● **Exercise details**
Write out exactly the lines of the entries below from the one holding "Some of the words" to the one holding "this 1512×1008 image.", inclusive, and leave out all other lines.

● **Material provided**
• • • •
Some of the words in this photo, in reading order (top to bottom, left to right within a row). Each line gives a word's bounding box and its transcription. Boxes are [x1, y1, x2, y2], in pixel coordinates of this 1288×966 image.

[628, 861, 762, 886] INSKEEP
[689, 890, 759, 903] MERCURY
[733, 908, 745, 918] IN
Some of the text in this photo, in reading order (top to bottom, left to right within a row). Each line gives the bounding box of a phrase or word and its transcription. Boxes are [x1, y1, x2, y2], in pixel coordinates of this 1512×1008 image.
• • • •
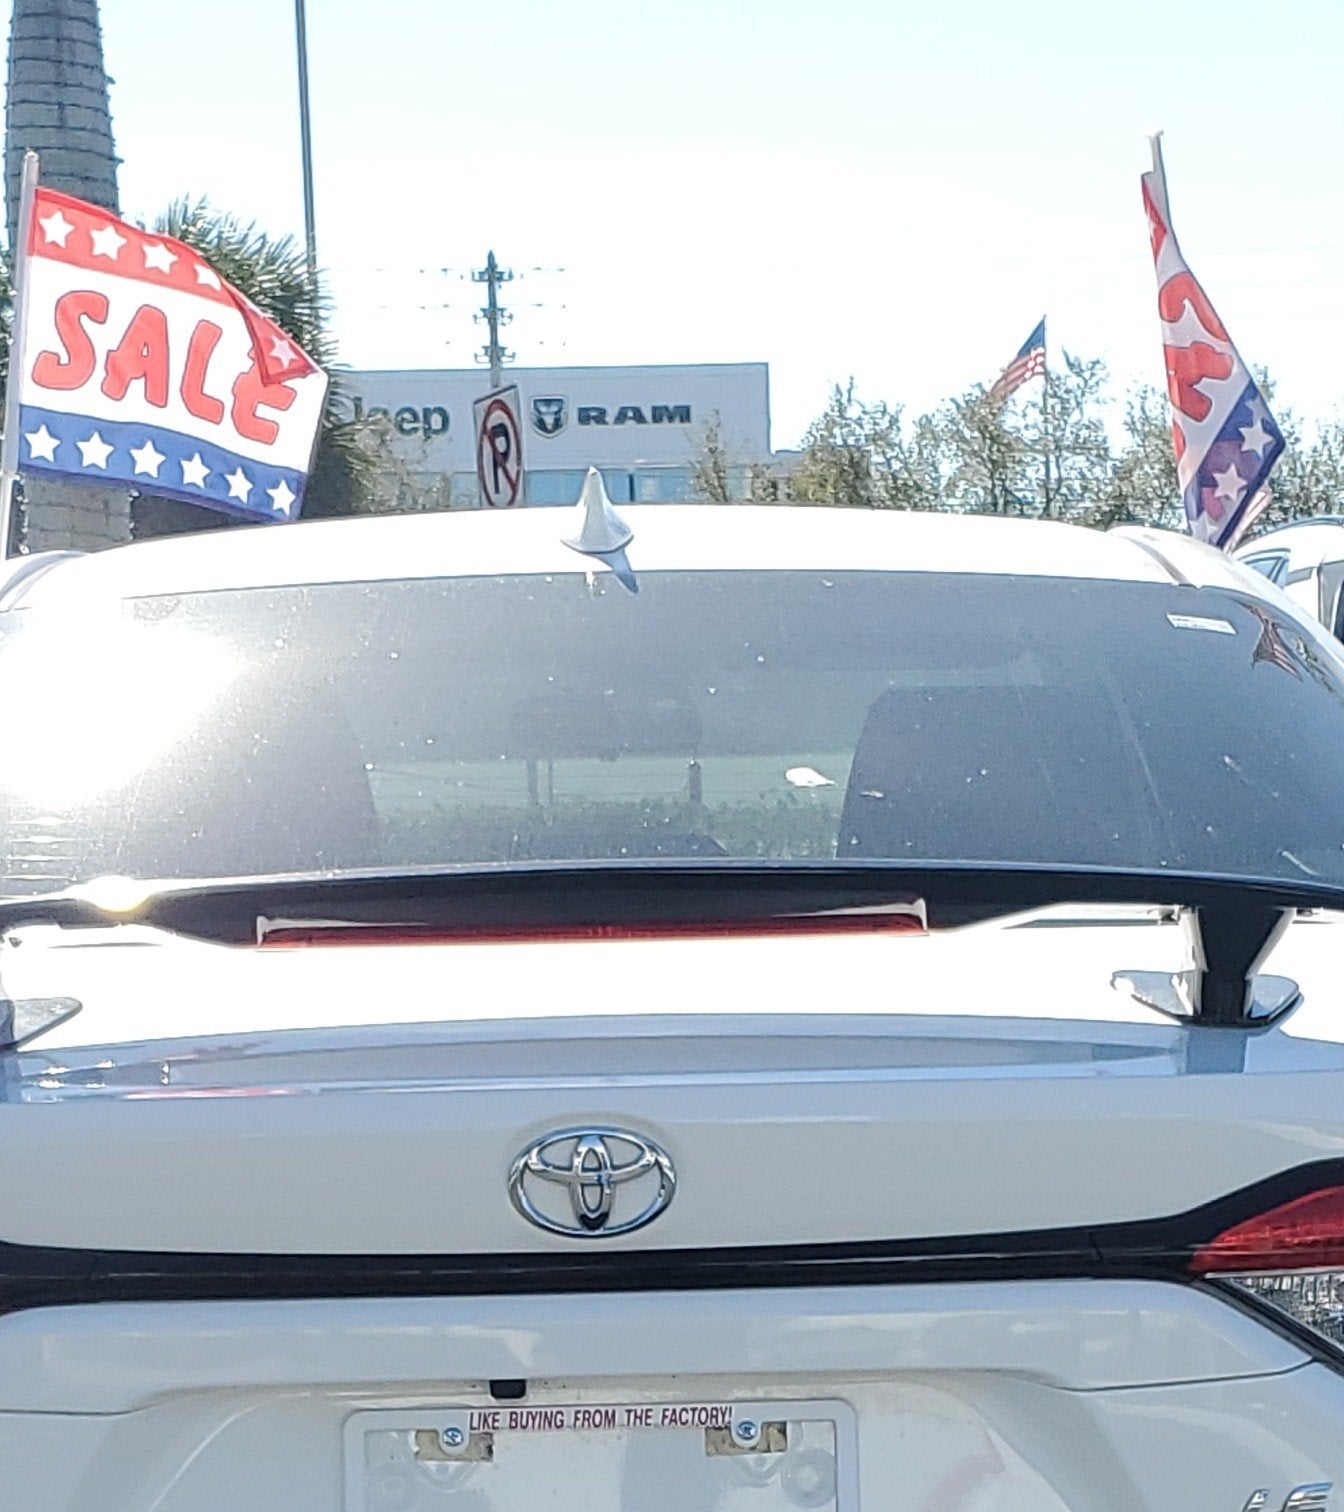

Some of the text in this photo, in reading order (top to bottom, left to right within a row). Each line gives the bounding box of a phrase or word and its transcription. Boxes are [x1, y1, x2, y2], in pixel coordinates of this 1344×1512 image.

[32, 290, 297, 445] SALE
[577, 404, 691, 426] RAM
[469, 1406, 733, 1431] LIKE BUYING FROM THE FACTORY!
• • • •
● **Solution to this problem**
Some of the words in this photo, in reading order (top to bottom, left to right within a row). Each line gives a word's bounding box and its transcription. Boxes are [x1, y1, x2, y2], in pixel coordinates of this 1288×966 image.

[628, 861, 762, 886] INSKEEP
[689, 890, 759, 903] MERCURY
[733, 908, 745, 918] IN
Some of the text in this photo, in reading order (top to bottom, left to right within a row). Each line gives the bounding box of a phrase or word and its transcription. Boxes are [x1, y1, x2, y2], in pixel coordinates of this 1512×1008 image.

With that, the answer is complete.